En la mesa, la maqueta de un barco, el San Juan de Nepomuceno. Mi padre y sus compañeros del astillero pasaron al modelismo desde los cambios en el sector naval durante los recesivos años setenta. La siderurgia y la metalurgia fueron reconvertidas y una generación de posguerra, hacedores de barcos, pasó a entregarse al mundo de las miniaturas. Cambió el paisaje en los alrededores de la vieja fábrica, y más allá del Camino de las Moreras nació la ciudad de las Artes y las Ciencias y hacia el mar, la nueva dársena para la Copa de la América. Hemos recorrido en cuatro décadas el camino que otros hicieron en un par de siglos y miras una foto de Eduardo Matos, de una cacería en un pueblo de Ciudad Real durante octubre de 1959 y ves a ese «hombre extraño» que mandaba en un país triste, en medio de 4601 perdices y sonríes porque confías en que hemos mejorado a pesar de la difícil situación, de los millones de parados, de las simples recetas de algunos de minimizar, adelgazar, terminar con el Estado de bienestar y las autonomías y hasta nos aconsejan «desdramatizar» la subida de la luz.

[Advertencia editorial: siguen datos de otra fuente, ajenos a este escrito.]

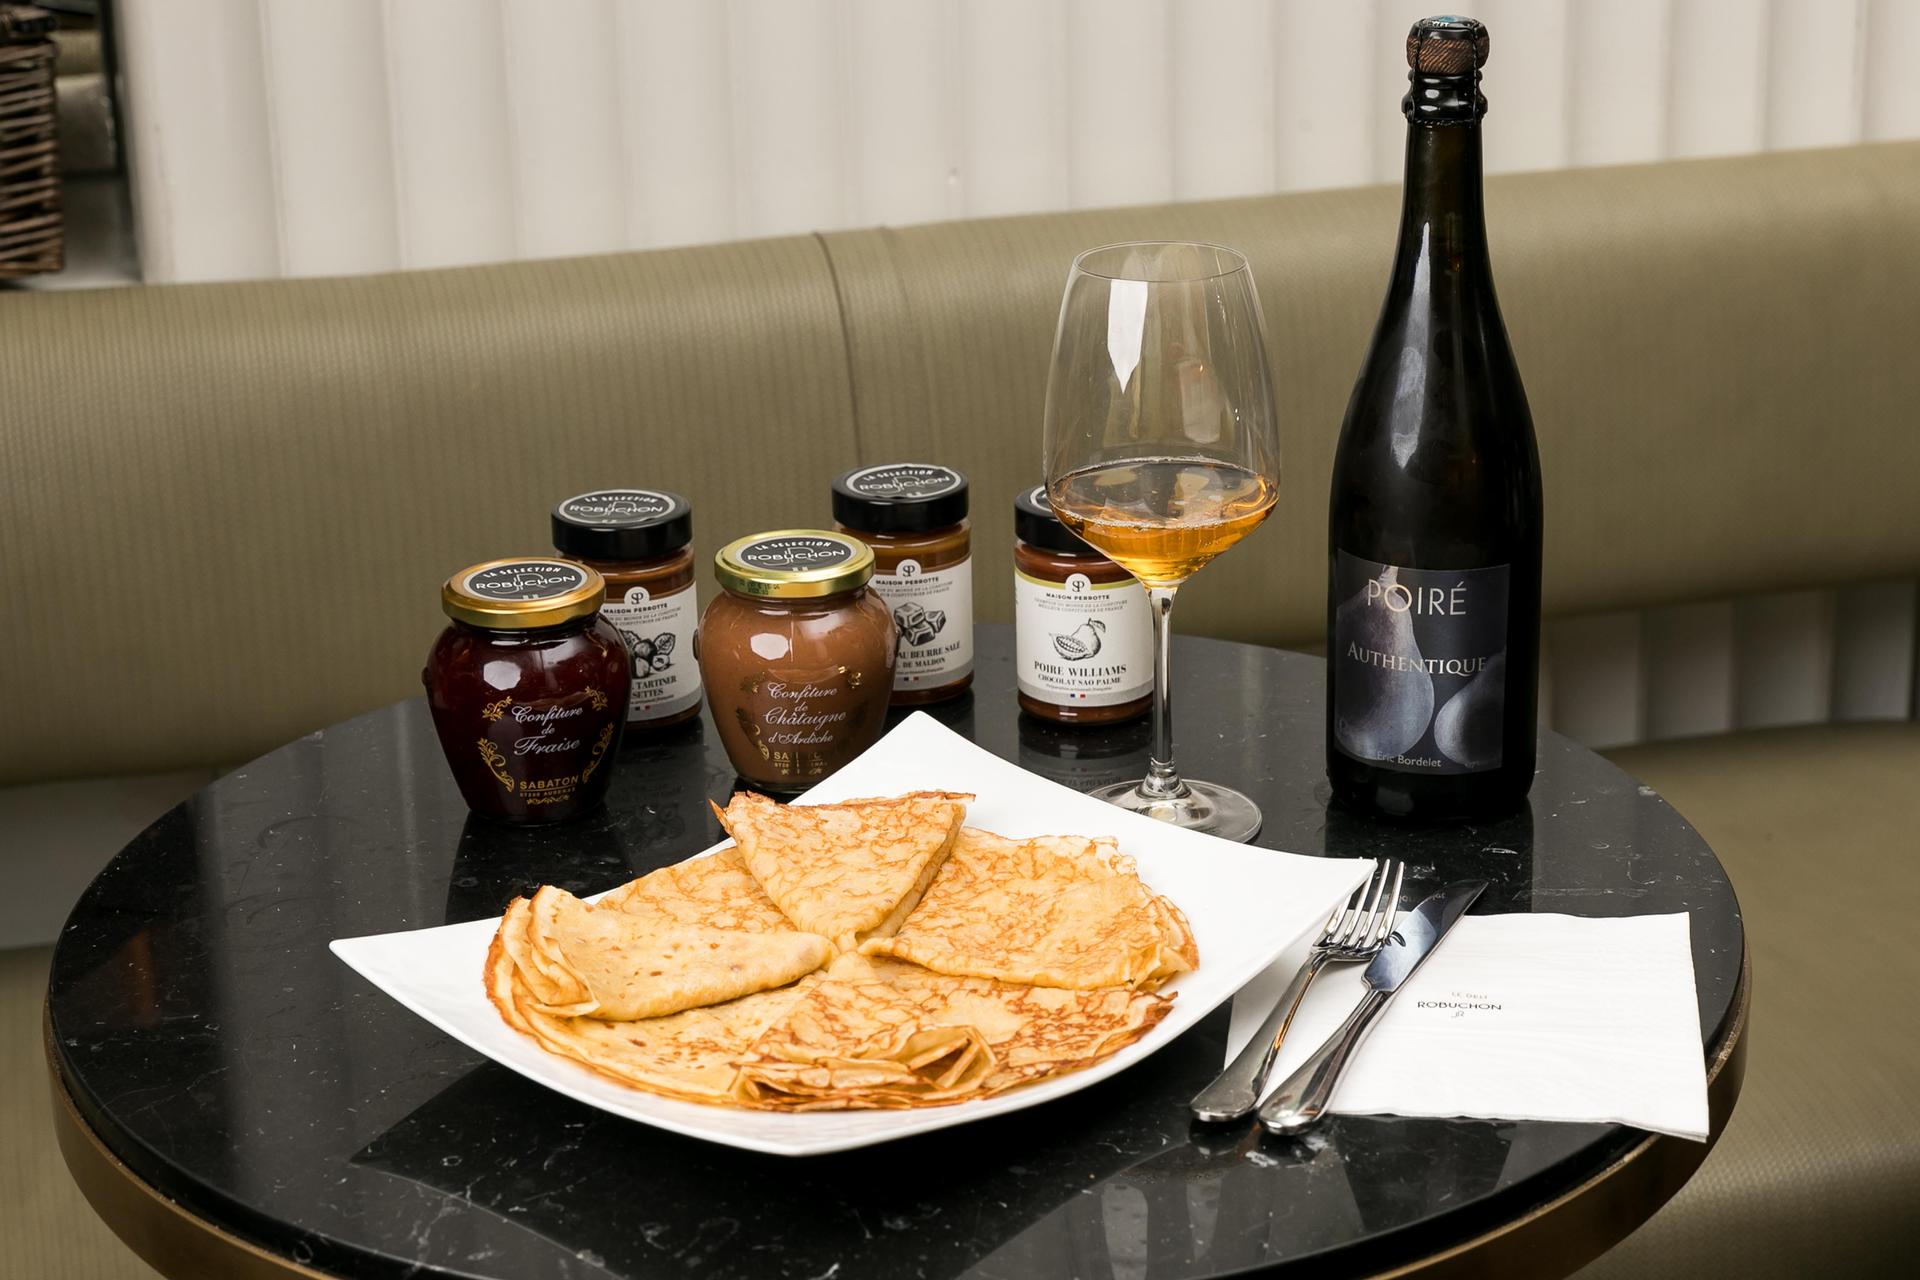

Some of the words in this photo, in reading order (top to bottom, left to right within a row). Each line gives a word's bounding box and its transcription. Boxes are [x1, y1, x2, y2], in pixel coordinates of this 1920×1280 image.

Ahora son tiempos de oscuridad en esta Europa que quiere eliminar lo no productivo, lo que no tiene viabilidad financiera. Se abandona el patrimonio histórico, los servicios públicos. ¿Es cierto que falta liderazgo? ¿Existirá alguna vez una Europa alemana? Las cosas empiezan y acaban de forma imprevista. ¿Regresará la vieja autoridad a las escuelas, a las familias? ¿Nos volverán a llegar los papeles a interpretar en la vida social? Entrelazados, no podemos vivir separados. No hay vuelta atrás y, sin embargo, ¿de dónde viene esa nostalgia de las viejas monedas y de las viejas creencias?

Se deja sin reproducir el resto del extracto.